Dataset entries
---

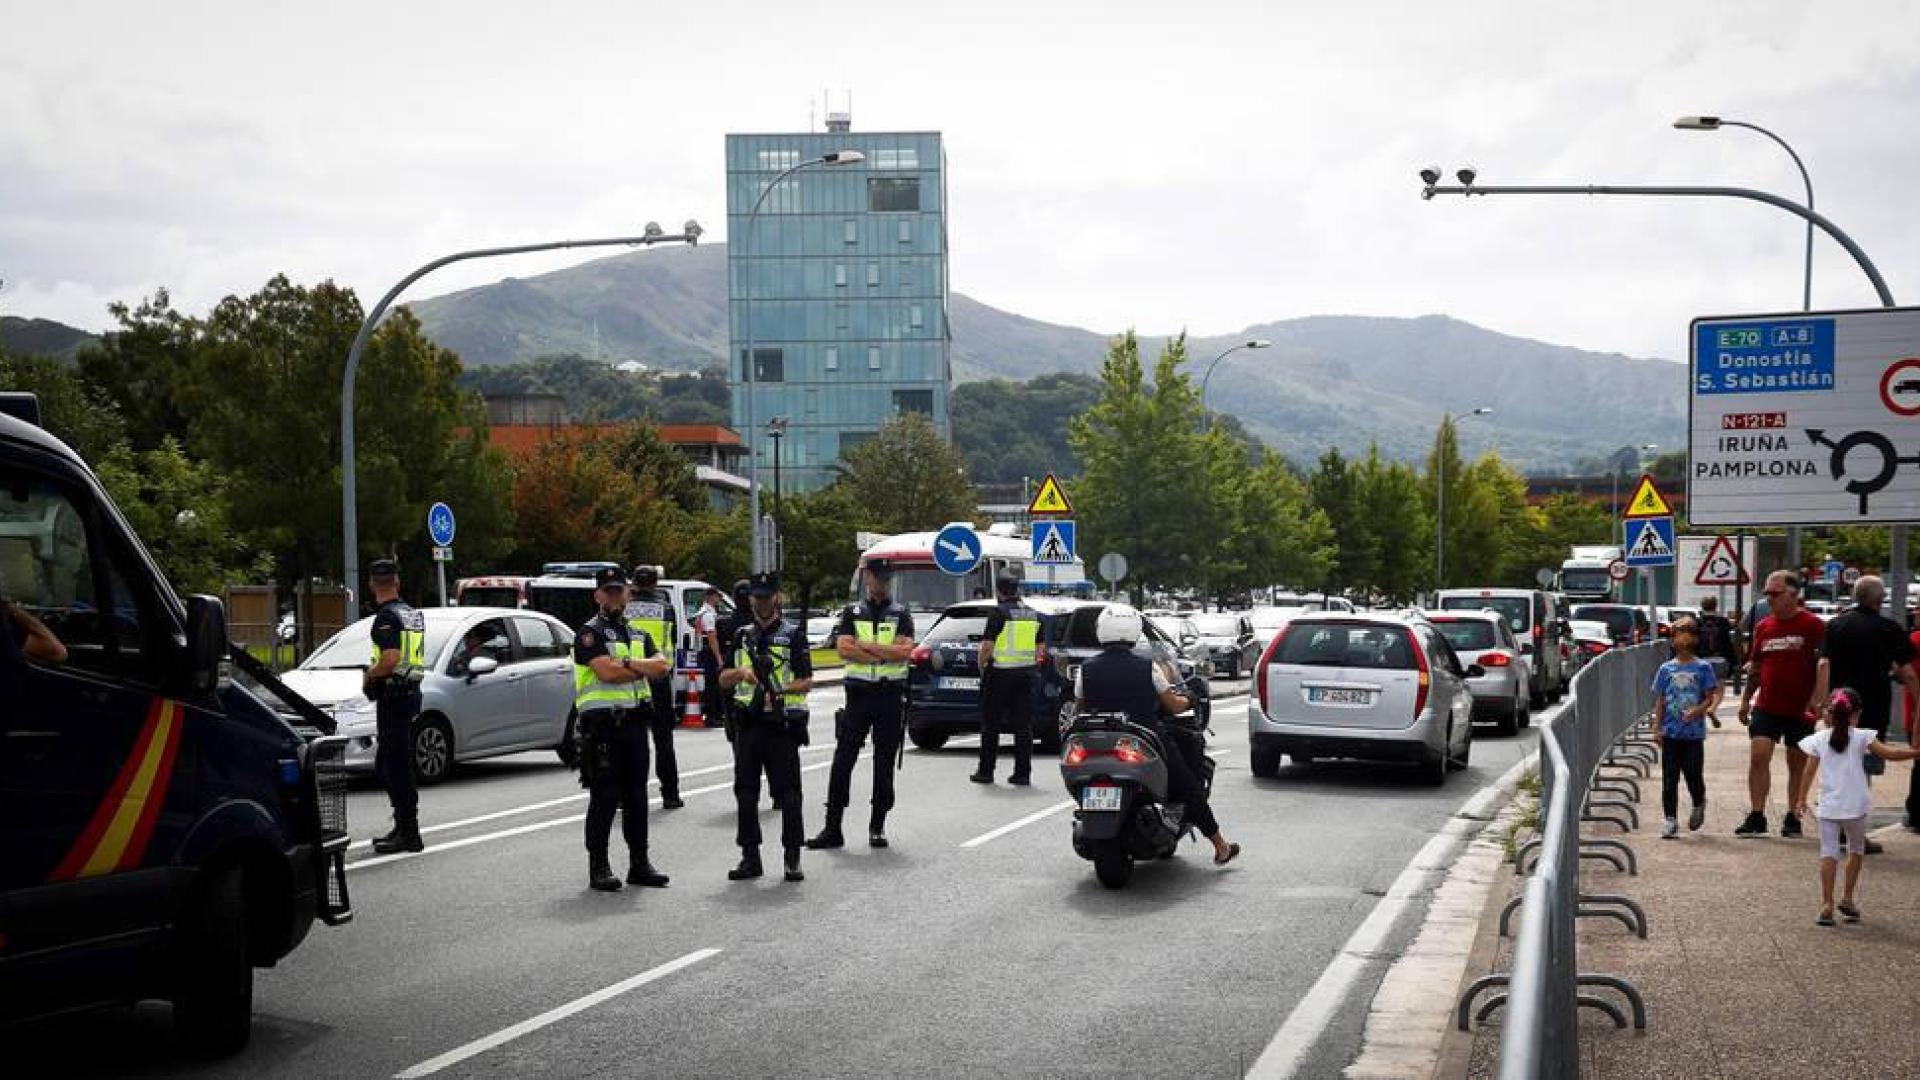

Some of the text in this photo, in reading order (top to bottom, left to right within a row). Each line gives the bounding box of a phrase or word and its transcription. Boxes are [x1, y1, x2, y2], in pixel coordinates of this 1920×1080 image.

[1720, 329, 1807, 345] E-70 A-8
[1719, 350, 1811, 368] Donostia
[1699, 370, 1833, 389] S. Sebastián
[1724, 414, 1785, 428] N-121-A
[1719, 433, 1788, 452] IRUÑA
[1696, 460, 1817, 477] PAMPLONA

---

#### [Prompt]
Extract every line of the data exactly; pictures stay out.

#### [Your solution]
Some of the text in this photo, in reading order (top to bottom, left to right within a row). Each line gives the bounding box of a phrase or word and its transcription. Boxes are [x1, y1, x2, y2], in pixel coordinates of this 1920×1080 image.

[1720, 329, 1807, 345] E-70 A-8
[1719, 350, 1811, 368] Donostia
[1699, 370, 1833, 389] S. Sebastián
[1724, 414, 1785, 428] N-121-A
[1719, 433, 1788, 452] IRUÑA
[1696, 460, 1817, 477] PAMPLONA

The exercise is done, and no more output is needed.